Task requirements: Copy out the listing below exactly, please, and skip any pictures.

Exercise input:
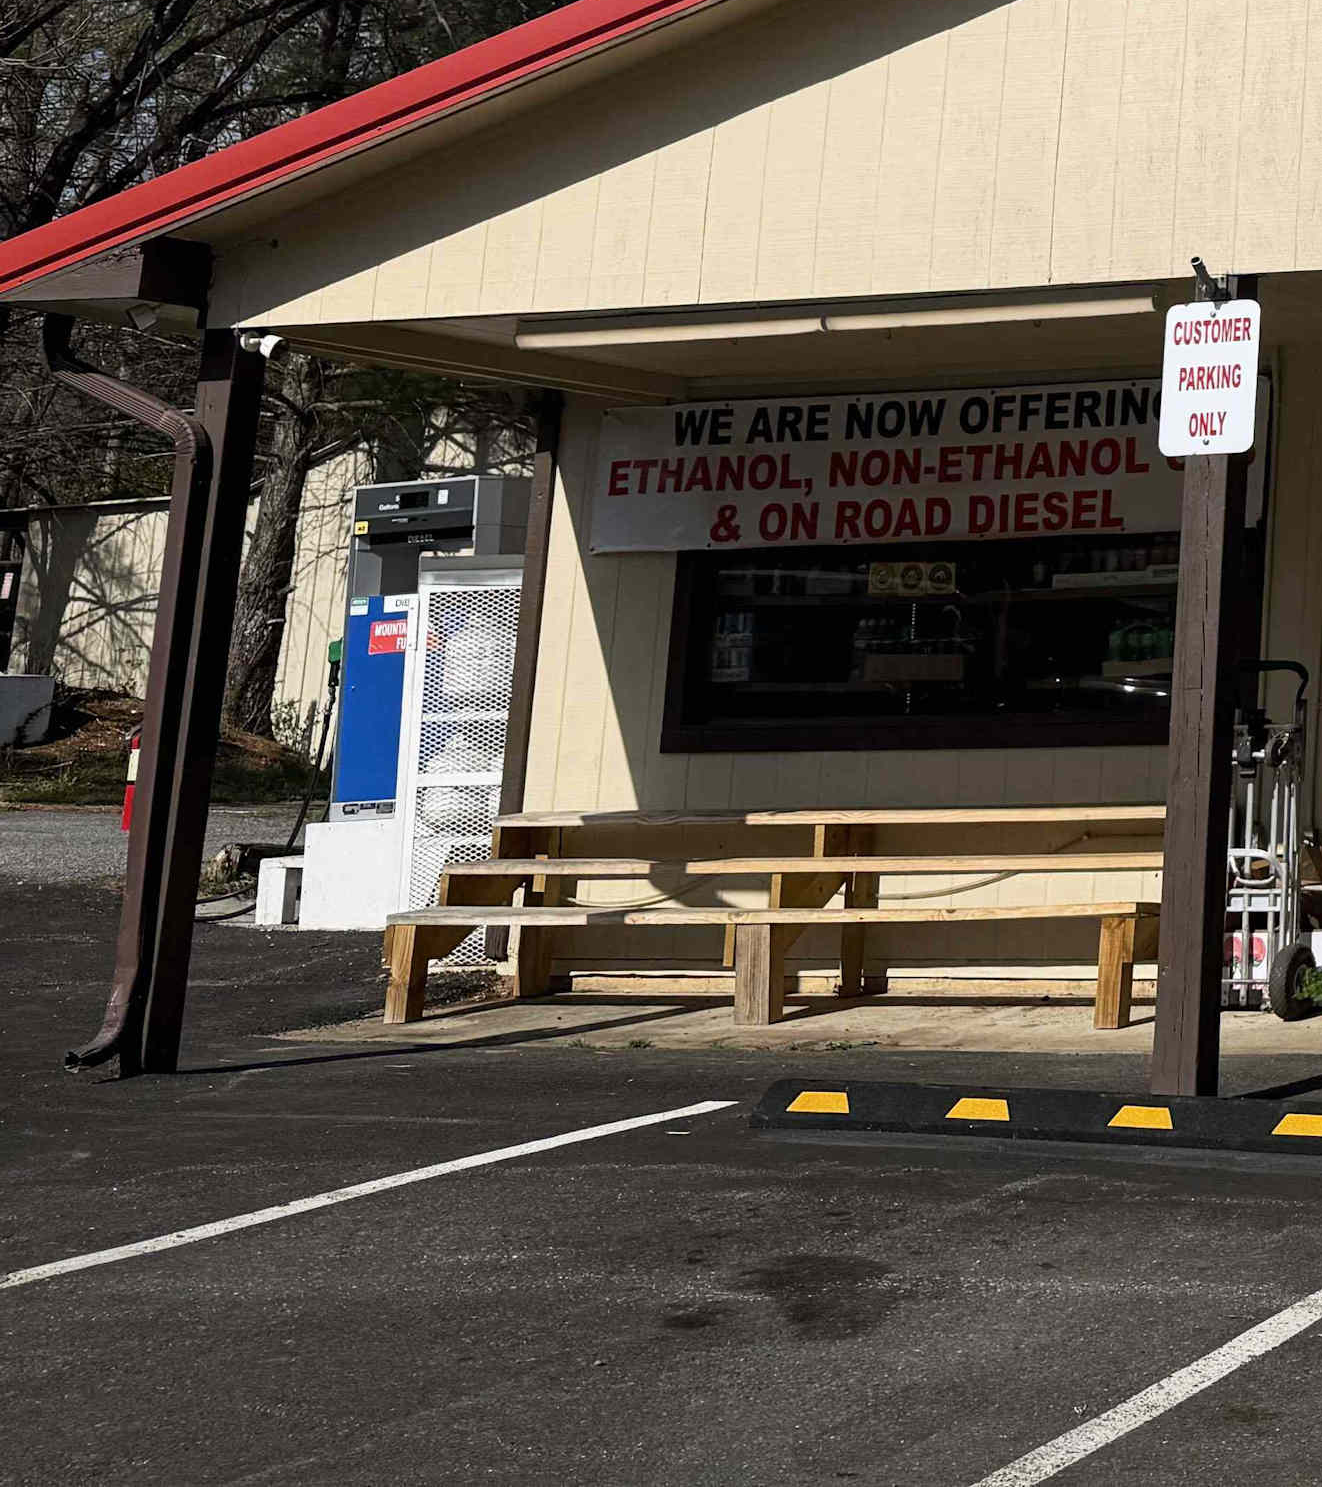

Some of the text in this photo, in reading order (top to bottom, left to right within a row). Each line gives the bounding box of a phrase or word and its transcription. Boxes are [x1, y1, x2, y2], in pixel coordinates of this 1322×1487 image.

[1173, 317, 1252, 345] CUSTOMER
[1179, 364, 1242, 391] PARKING
[675, 407, 733, 446] WE
[747, 402, 830, 444] ARE
[845, 399, 945, 440] NOW
[1189, 412, 1227, 437] ONLY
[608, 436, 1149, 497] ETHANOL, NON-ETHANOL
[709, 489, 1125, 543] & ON ROAD DIESEL
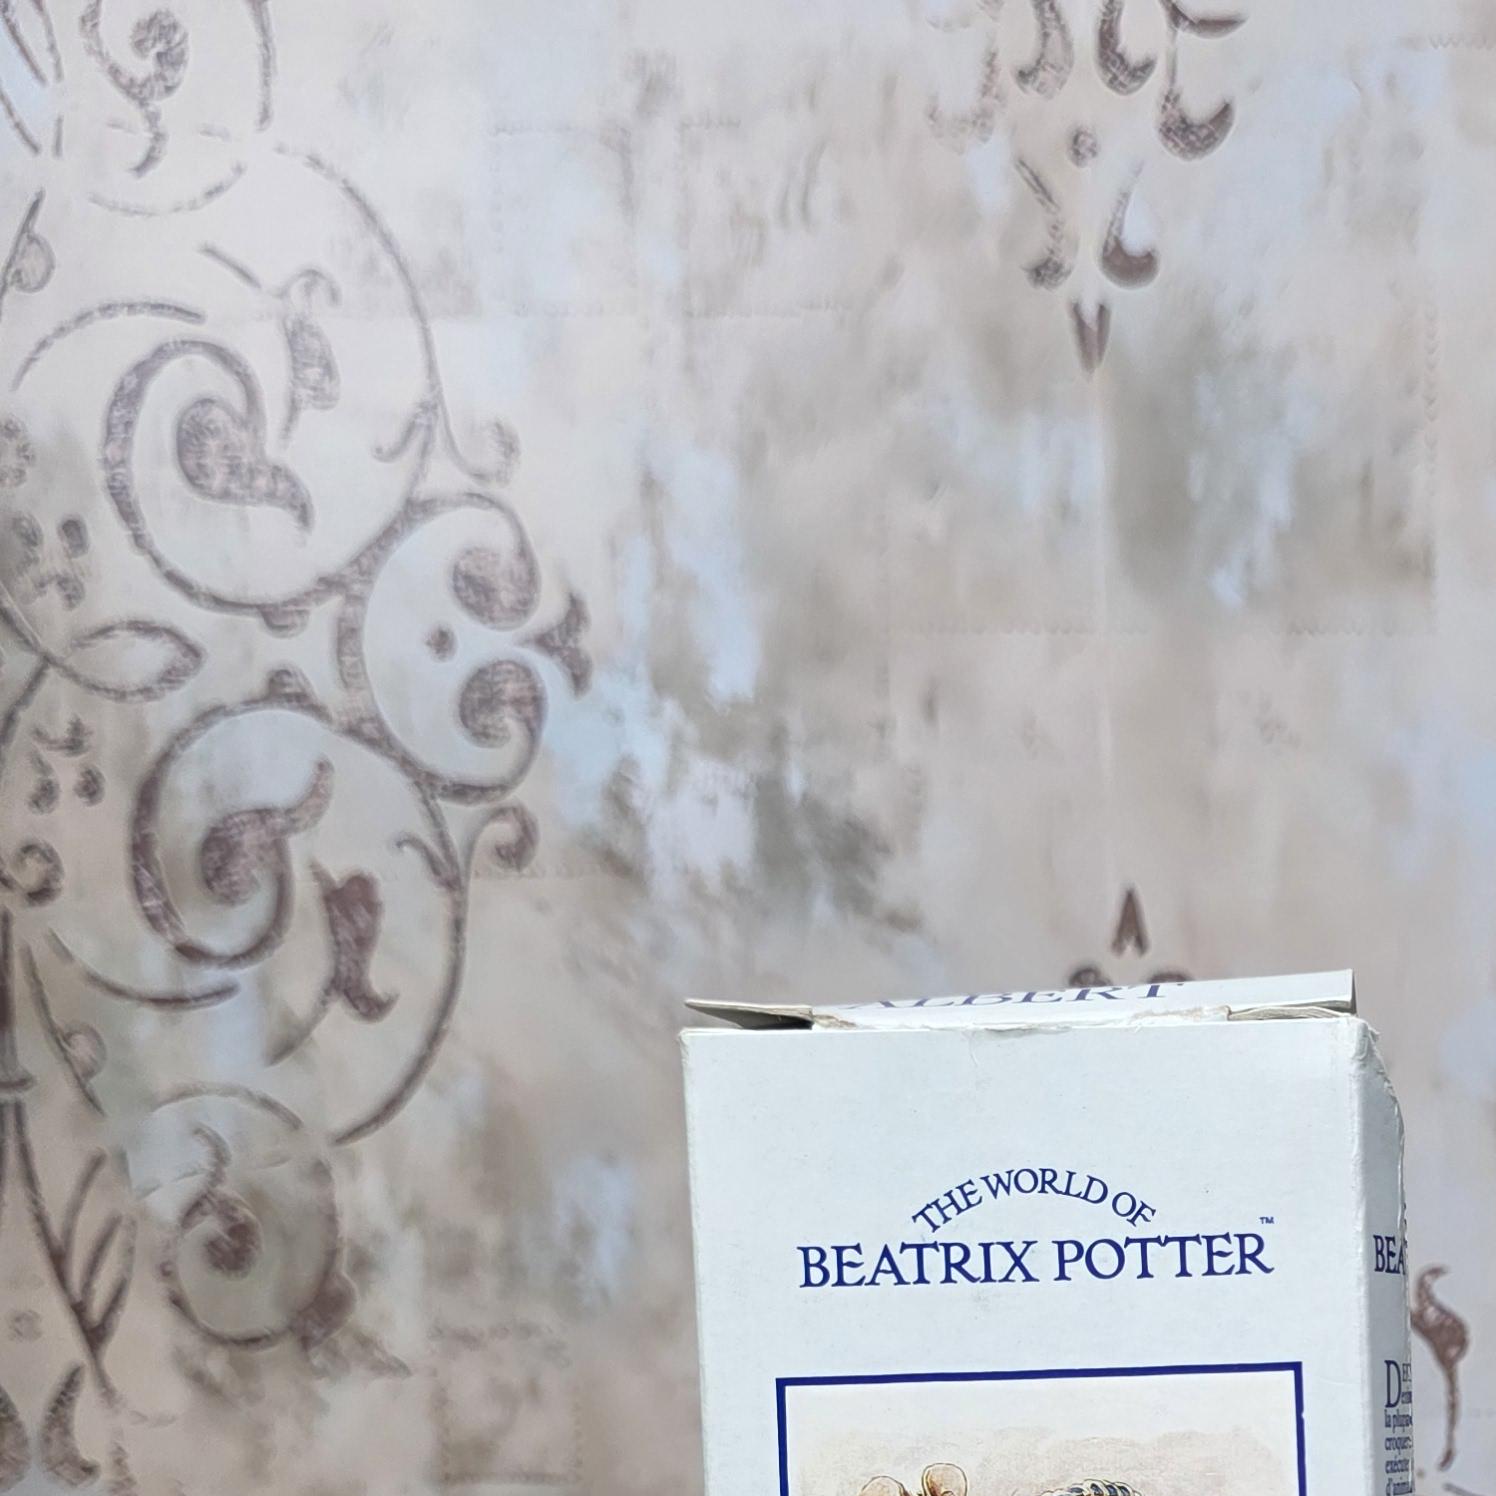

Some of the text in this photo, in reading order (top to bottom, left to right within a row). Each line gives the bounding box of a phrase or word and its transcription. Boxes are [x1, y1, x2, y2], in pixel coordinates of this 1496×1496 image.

[911, 1167, 1157, 1234] THE WORLD OF
[798, 1239, 1036, 1289] BEATRIX
[1053, 1232, 1275, 1282] POTTER
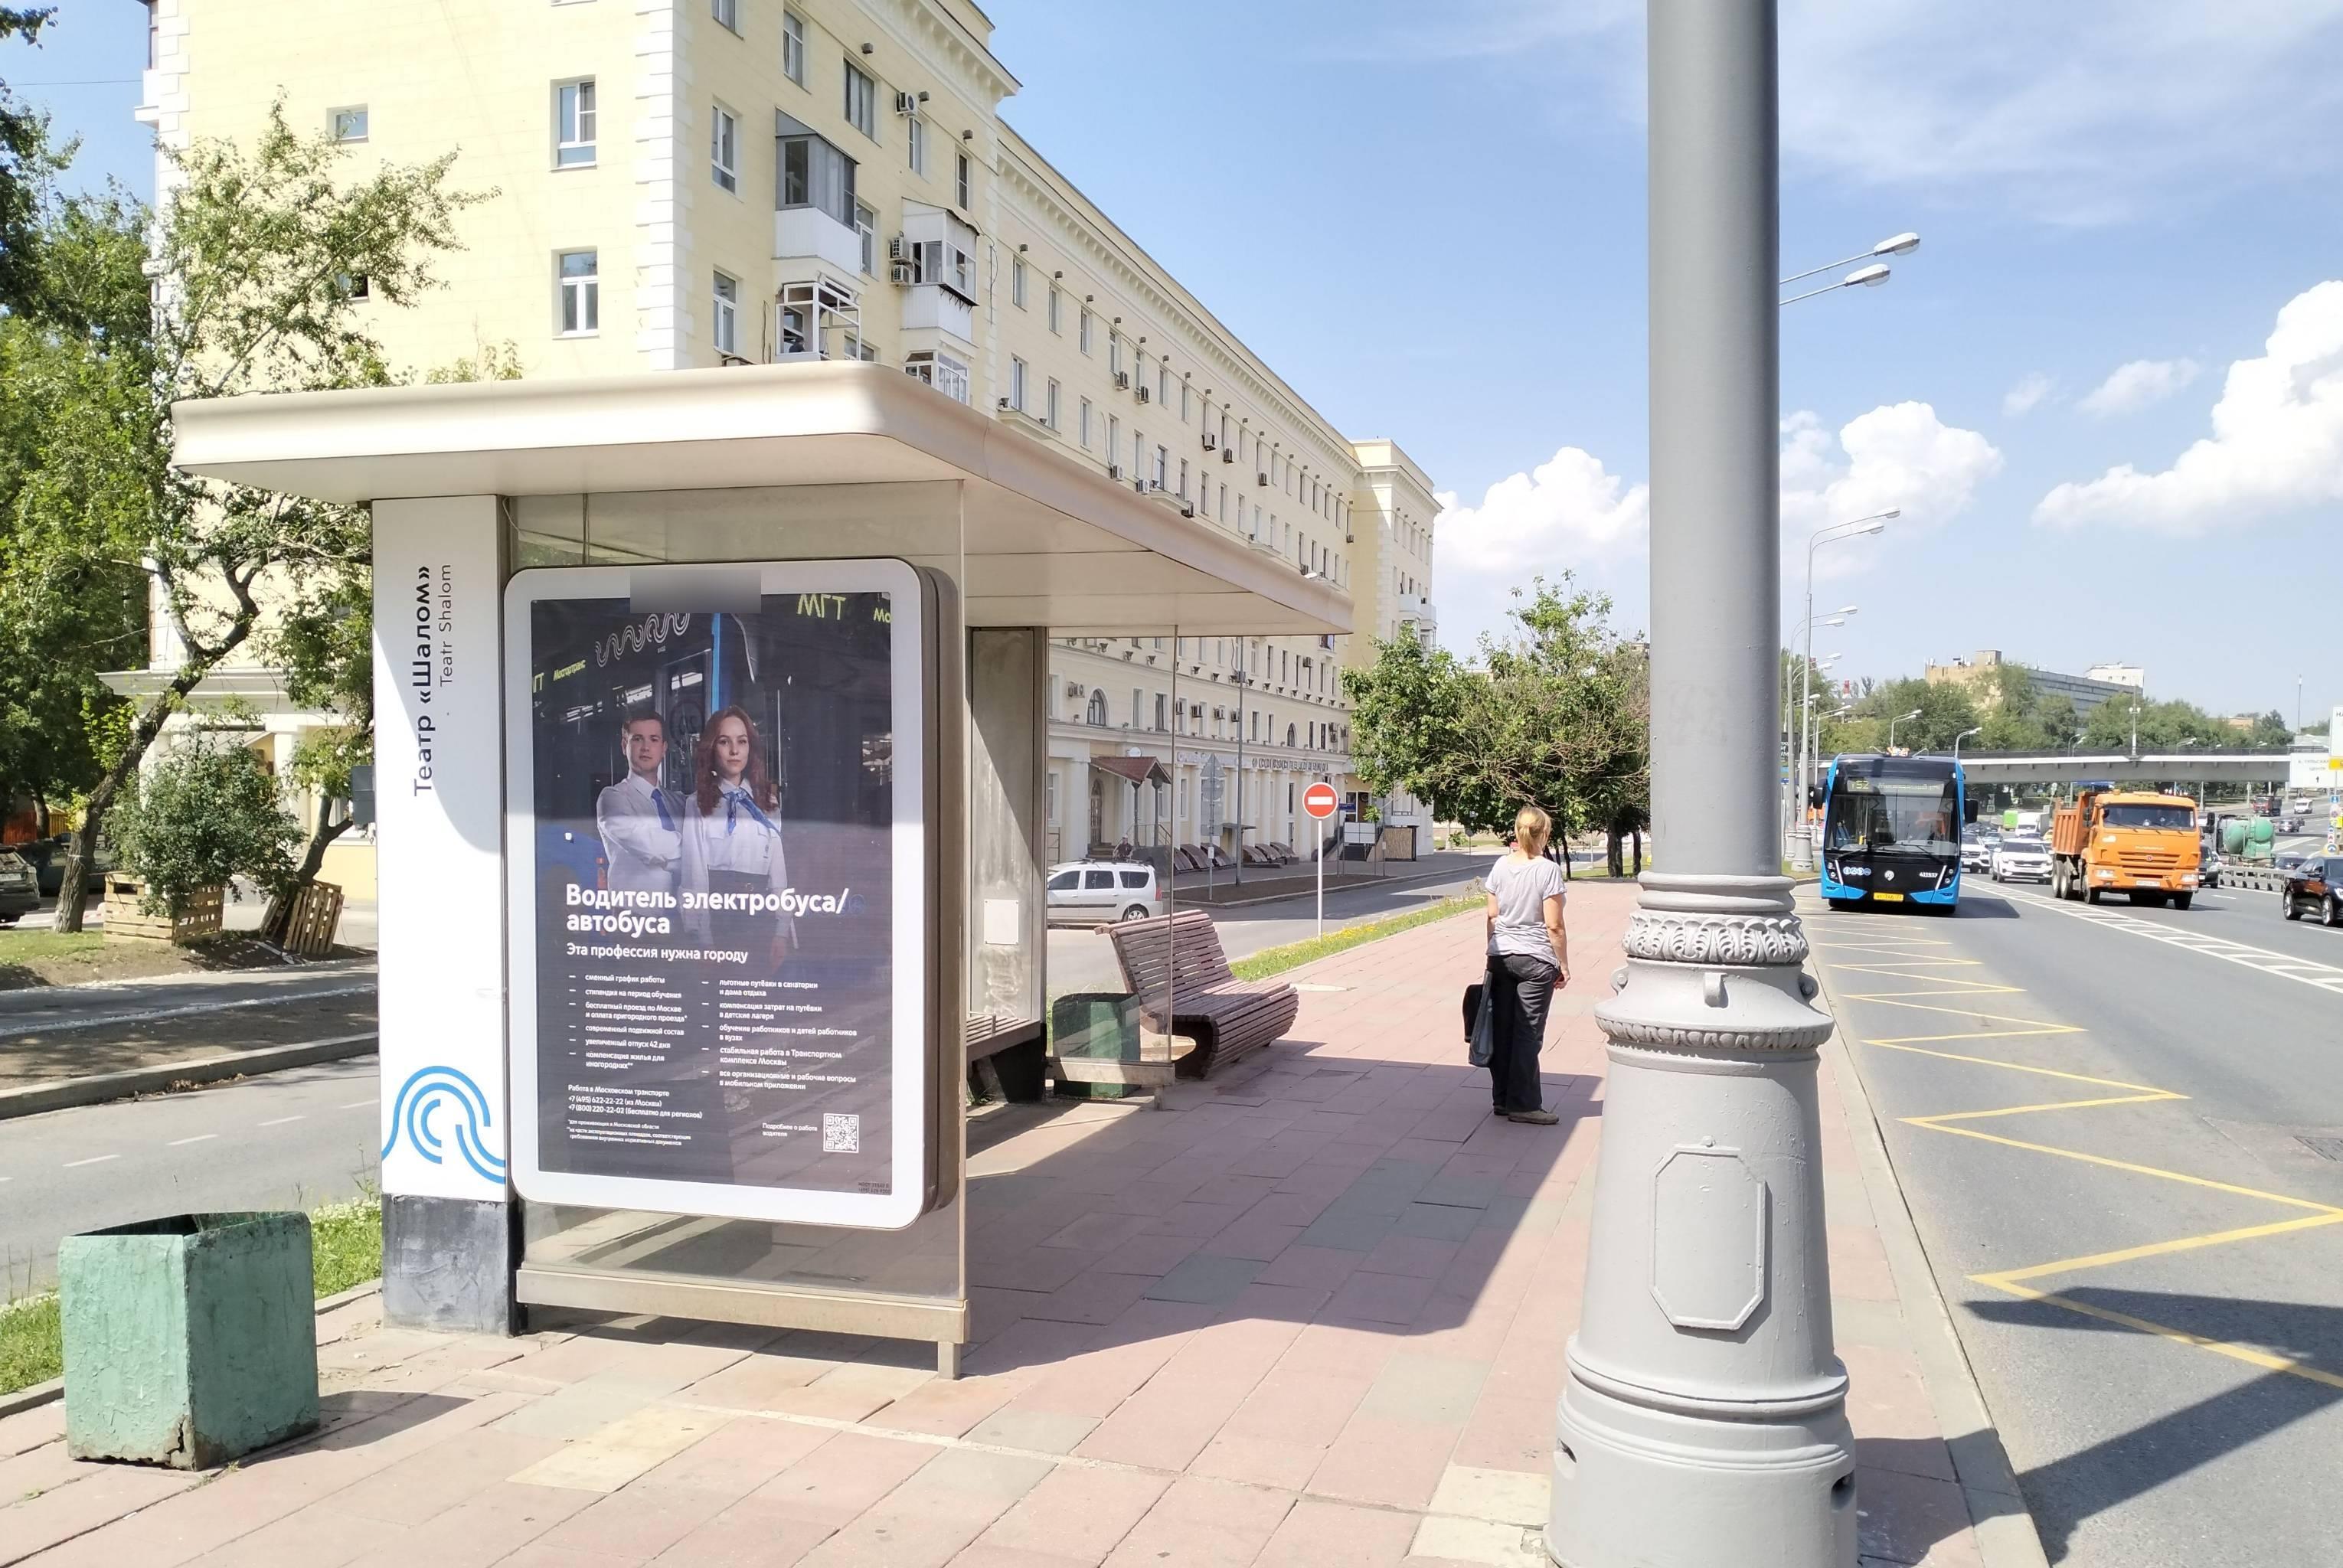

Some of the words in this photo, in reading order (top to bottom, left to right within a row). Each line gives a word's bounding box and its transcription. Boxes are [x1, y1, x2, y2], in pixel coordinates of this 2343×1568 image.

[438, 564, 451, 632] Shalom
[796, 593, 846, 620] МГТ
[412, 566, 431, 704] «Шалом»
[440, 641, 453, 686] Teatr
[532, 672, 544, 693] ГТ
[414, 715, 436, 796] Театр
[567, 884, 676, 910] Водитель
[682, 888, 849, 916] электробуса/
[567, 910, 670, 938] автобуса
[567, 942, 588, 956] Эта
[591, 944, 658, 959] профессия
[661, 949, 701, 962] нужна
[704, 950, 748, 963] городу

Response to this exercise:
Some of the text in this photo, in reading order (top to bottom, left to right within a row). Each line gives the bounding box of a phrase or word and its transcription. Boxes are [x1, y1, x2, y2], in pixel coordinates of this 1322×1487 image.

[1173, 317, 1252, 345] CUSTOMER
[1179, 364, 1242, 391] PARKING
[675, 407, 733, 446] WE
[747, 402, 830, 444] ARE
[845, 399, 945, 440] NOW
[1189, 412, 1227, 437] ONLY
[608, 436, 1149, 497] ETHANOL, NON-ETHANOL
[709, 489, 1125, 543] & ON ROAD DIESEL

Some of the text in this photo, in reading order (top to bottom, left to right within a row). Each line gives the bounding box of a phrase or word and its transcription. Boxes are [x1, y1, x2, y2], in pixel coordinates of this 1496×1496 image.

[911, 1167, 1157, 1234] THE WORLD OF
[798, 1239, 1036, 1289] BEATRIX
[1053, 1232, 1275, 1282] POTTER

Some of the words in this photo, in reading order (top to bottom, left to right within a row). Each line gives a word's bounding box and its transcription. Boxes are [x1, y1, x2, y2], in pixel coordinates of this 2343×1568 image.

[438, 564, 451, 632] Shalom
[796, 593, 846, 620] МГТ
[412, 566, 431, 704] «Шалом»
[440, 641, 453, 686] Teatr
[532, 672, 544, 693] ГТ
[414, 715, 436, 796] Театр
[567, 884, 676, 910] Водитель
[682, 888, 849, 916] электробуса/
[567, 910, 670, 938] автобуса
[567, 942, 588, 956] Эта
[591, 944, 658, 959] профессия
[661, 949, 701, 962] нужна
[704, 950, 748, 963] городу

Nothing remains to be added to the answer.